Exercise instructions: Return an exact transcript of the material below from the line containing "this 1280×960 image." through its final line, and no other lines.

○ ○ ○ ○ ○ ○ ○

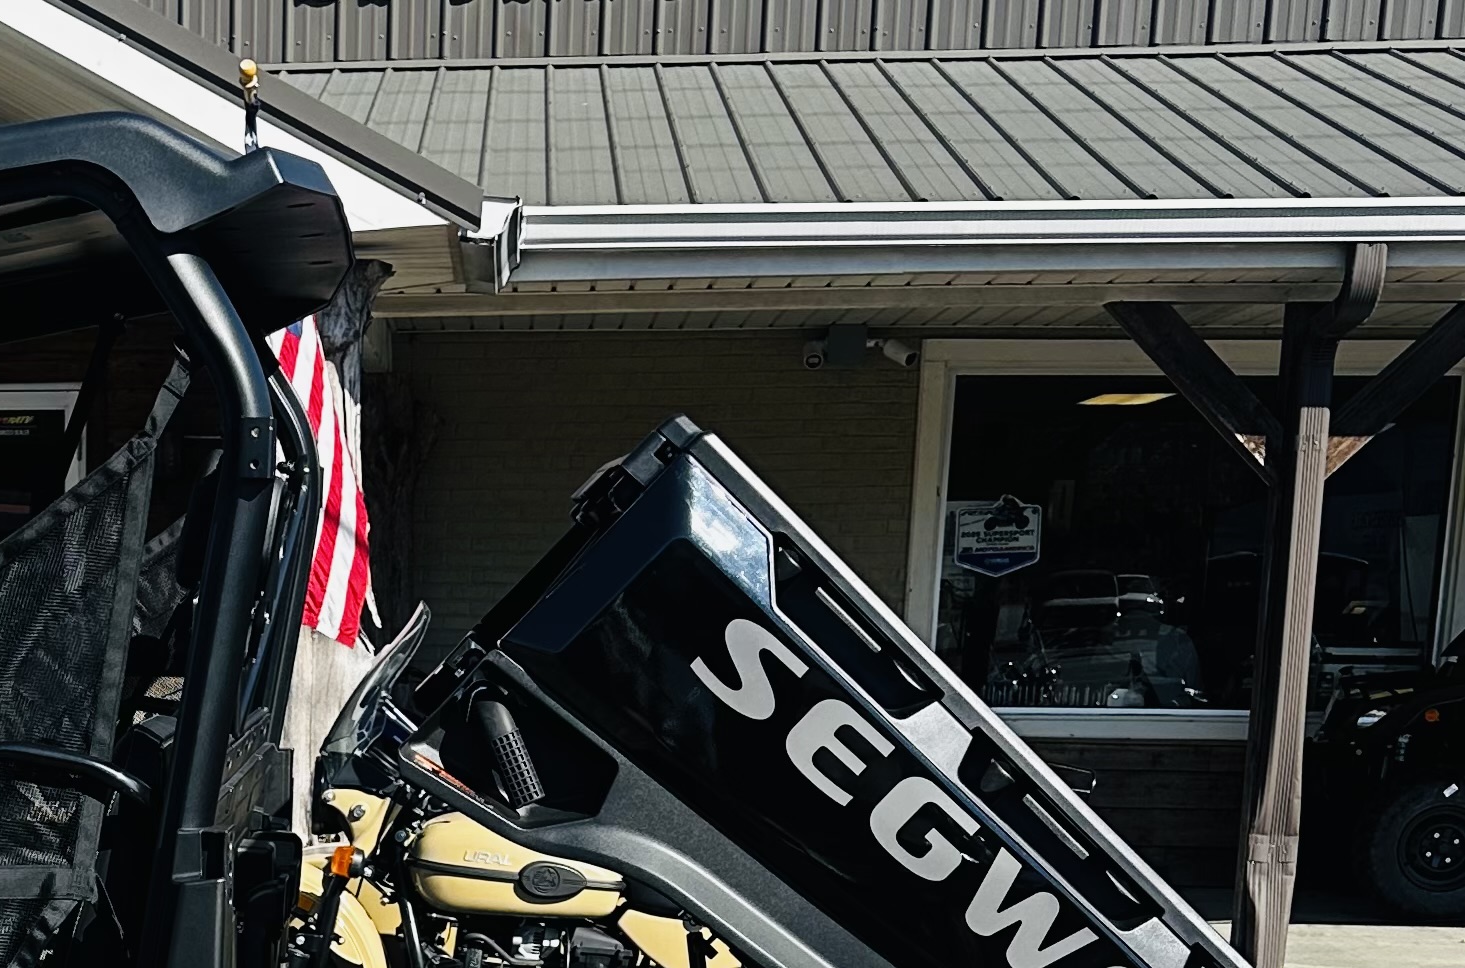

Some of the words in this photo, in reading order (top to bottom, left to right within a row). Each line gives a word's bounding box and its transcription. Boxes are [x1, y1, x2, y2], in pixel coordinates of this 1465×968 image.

[983, 529, 1035, 537] SUPERSPORT
[976, 536, 1020, 544] CHAMPION
[463, 849, 512, 866] URAL
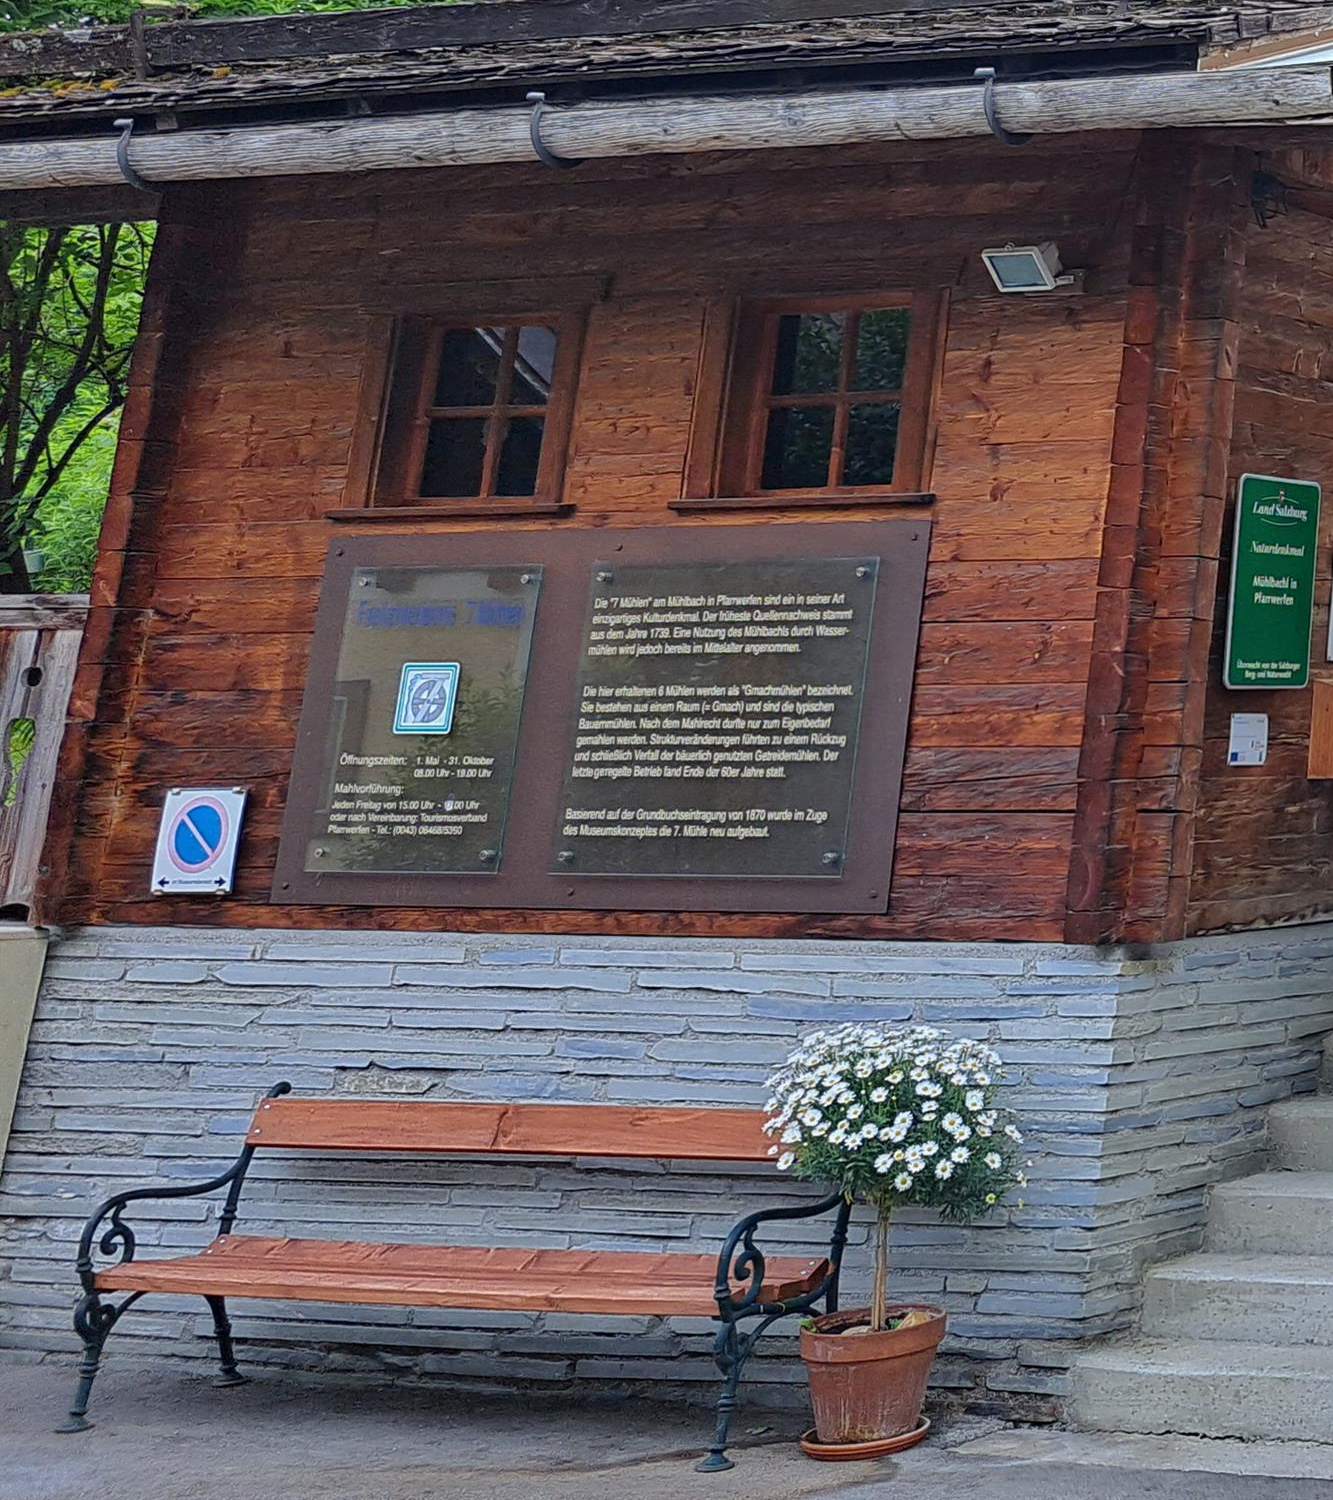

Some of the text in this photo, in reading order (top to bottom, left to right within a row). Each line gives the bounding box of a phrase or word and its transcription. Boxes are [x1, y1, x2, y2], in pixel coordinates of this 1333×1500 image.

[1252, 501, 1308, 522] Land Salzburg
[1250, 540, 1305, 556] Naturdenkmal
[1290, 578, 1297, 589] in
[594, 597, 608, 609] Die
[653, 598, 665, 607] am
[667, 595, 706, 607] Mühlbach
[707, 597, 715, 606] in
[716, 595, 762, 606] Pfarrwerfen
[764, 594, 782, 605] sind
[782, 594, 795, 604] ein
[796, 594, 804, 604] in
[806, 593, 831, 604] seiner
[832, 593, 846, 604] Art
[1254, 592, 1294, 605] Pfarrwerfen
[592, 609, 853, 626] einzigartiges Kulturdenkmal. Der früheste Quellennachweis stammt
[590, 630, 605, 640] aus
[606, 629, 624, 639] dem
[624, 628, 648, 639] Jahre
[650, 627, 671, 639] 1739.
[673, 627, 691, 638] Eine
[693, 627, 726, 640] Nutzung
[727, 627, 742, 637] des
[790, 625, 814, 636] durch
[816, 625, 850, 636] Wasser-
[587, 642, 801, 657] mühlen wird jedoch bereits im Mittelalter angenommen.
[583, 686, 597, 697] Die
[598, 686, 615, 696] hier
[615, 685, 657, 696] erhaltenen
[658, 686, 664, 696] 6
[665, 685, 695, 696] Mühlen
[696, 685, 726, 696] werden
[727, 685, 740, 696] als
[807, 684, 854, 696] bezeichnet.
[580, 701, 594, 713] Sie
[595, 701, 632, 713] bestehen
[633, 703, 648, 712] aus
[650, 701, 674, 712] einem
[676, 701, 700, 712] Raum
[745, 701, 762, 712] und
[762, 701, 780, 712] sind
[781, 701, 794, 712] die
[796, 701, 835, 714] typischen
[639, 717, 661, 729] Nach
[662, 718, 680, 729] dem
[722, 718, 746, 729] durfte
[747, 719, 762, 728] nur
[763, 719, 780, 728] zum
[781, 717, 831, 731] Eigenbedarf
[576, 733, 846, 748] gemahlen werden. Strukturveränderungen führten zu einem Rückzug
[339, 753, 408, 767] Öffnungszeiten:
[417, 756, 424, 765] 1.
[425, 756, 440, 765] Mai
[448, 756, 461, 765] 31.
[462, 756, 494, 765] Oktober
[574, 749, 839, 763] und schließlich Verfall der bäuerlich genutzten Getreidemühlen. Der
[436, 769, 450, 778] Uhr
[477, 769, 493, 778] Uhr
[571, 766, 594, 777] letzte
[633, 766, 662, 777] Betrieb
[663, 766, 682, 777] fand
[683, 766, 704, 777] Ende
[706, 766, 720, 777] der
[741, 766, 765, 777] Jahre
[765, 766, 786, 777] statt.
[334, 783, 405, 797] Mahlvorführung:
[332, 800, 355, 809] Jeden
[355, 801, 382, 811] Freitag
[420, 801, 435, 810] Uhr
[465, 801, 480, 810] Uhr
[329, 813, 488, 824] oder nach Vereinbarung: Tourismusverband
[565, 808, 828, 824] Basierend auf der Grundbuchseintragung von 1870 wurde im Zuge
[562, 825, 578, 835] des
[579, 825, 658, 840] Museumskonzeptes
[659, 825, 672, 836] die
[683, 825, 708, 836] Mühle
[710, 827, 726, 836] neu
[727, 826, 770, 840] aufgebaut.
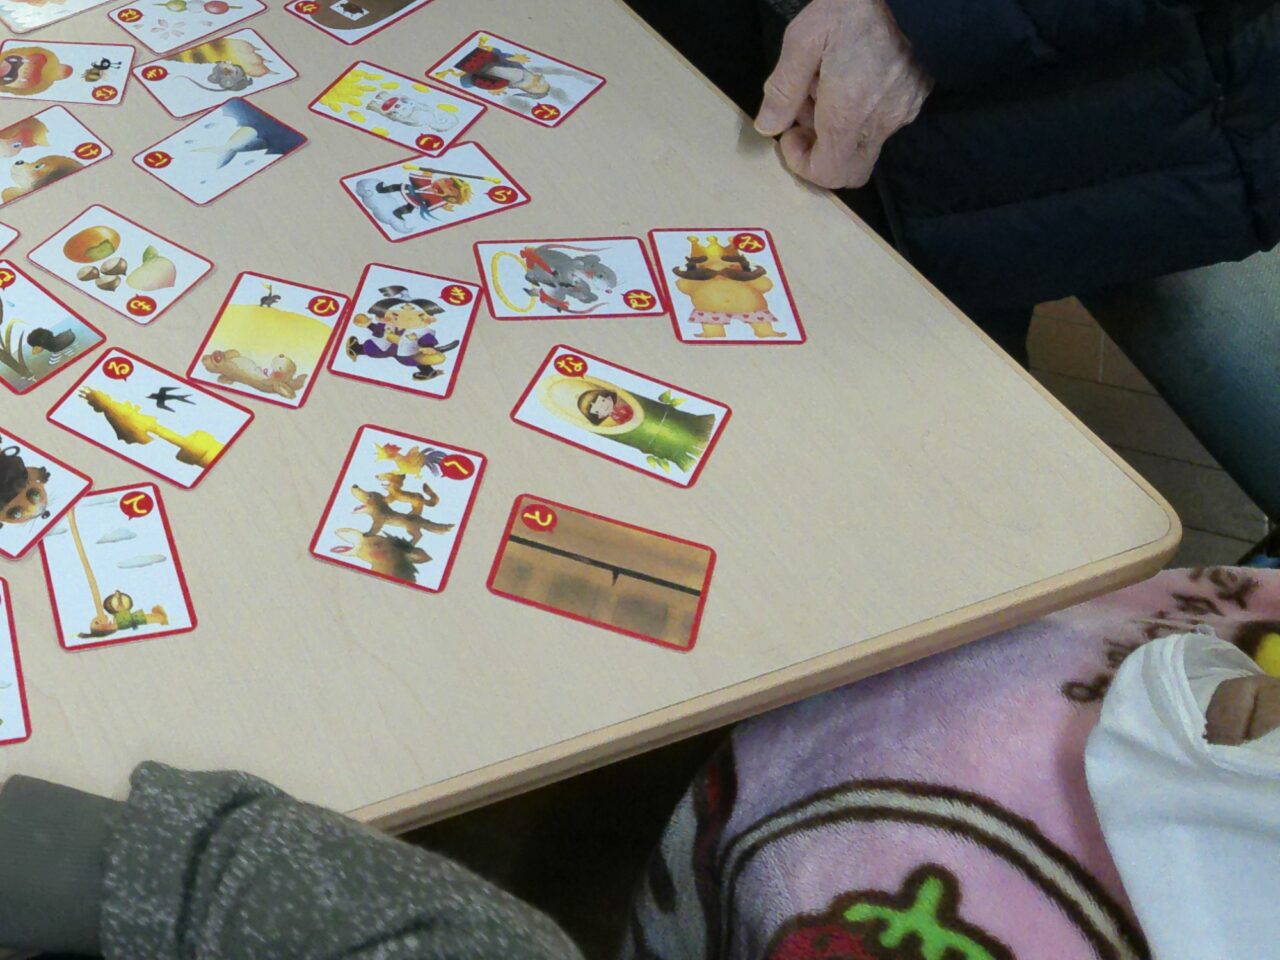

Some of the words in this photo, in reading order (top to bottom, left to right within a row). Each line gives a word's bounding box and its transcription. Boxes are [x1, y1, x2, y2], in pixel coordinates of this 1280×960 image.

[298, 2, 316, 11] か
[120, 9, 139, 21] は
[146, 68, 163, 78] き
[95, 88, 114, 98] な
[534, 105, 557, 118] た
[419, 137, 439, 148] こ
[78, 144, 98, 156] け
[147, 152, 167, 166] に
[493, 190, 511, 201] ら
[738, 235, 762, 249] み
[449, 287, 464, 303] き
[628, 292, 651, 308] ね
[130, 300, 151, 310] も
[313, 298, 334, 313] ひ
[108, 361, 129, 374] る
[556, 357, 582, 372] な
[444, 460, 468, 474] へ
[123, 494, 146, 513] て
[524, 510, 552, 525] と

○ ○ ○ ○ ○ ○ ○

Solution to this exercise:
Some of the words in this photo, in reading order (top to bottom, left to right within a row). Each line gives a word's bounding box and its transcription. Boxes are [x1, y1, x2, y2], in pixel coordinates of this 1280×960 image.

[298, 2, 316, 11] か
[120, 9, 139, 21] は
[146, 68, 163, 78] き
[95, 88, 114, 98] な
[534, 105, 557, 118] た
[419, 137, 439, 148] こ
[78, 144, 98, 156] け
[147, 152, 167, 166] に
[493, 190, 511, 201] ら
[738, 235, 762, 249] み
[449, 287, 464, 303] き
[628, 292, 651, 308] ね
[130, 300, 151, 310] も
[313, 298, 334, 313] ひ
[108, 361, 129, 374] る
[556, 357, 582, 372] な
[444, 460, 468, 474] へ
[123, 494, 146, 513] て
[524, 510, 552, 525] と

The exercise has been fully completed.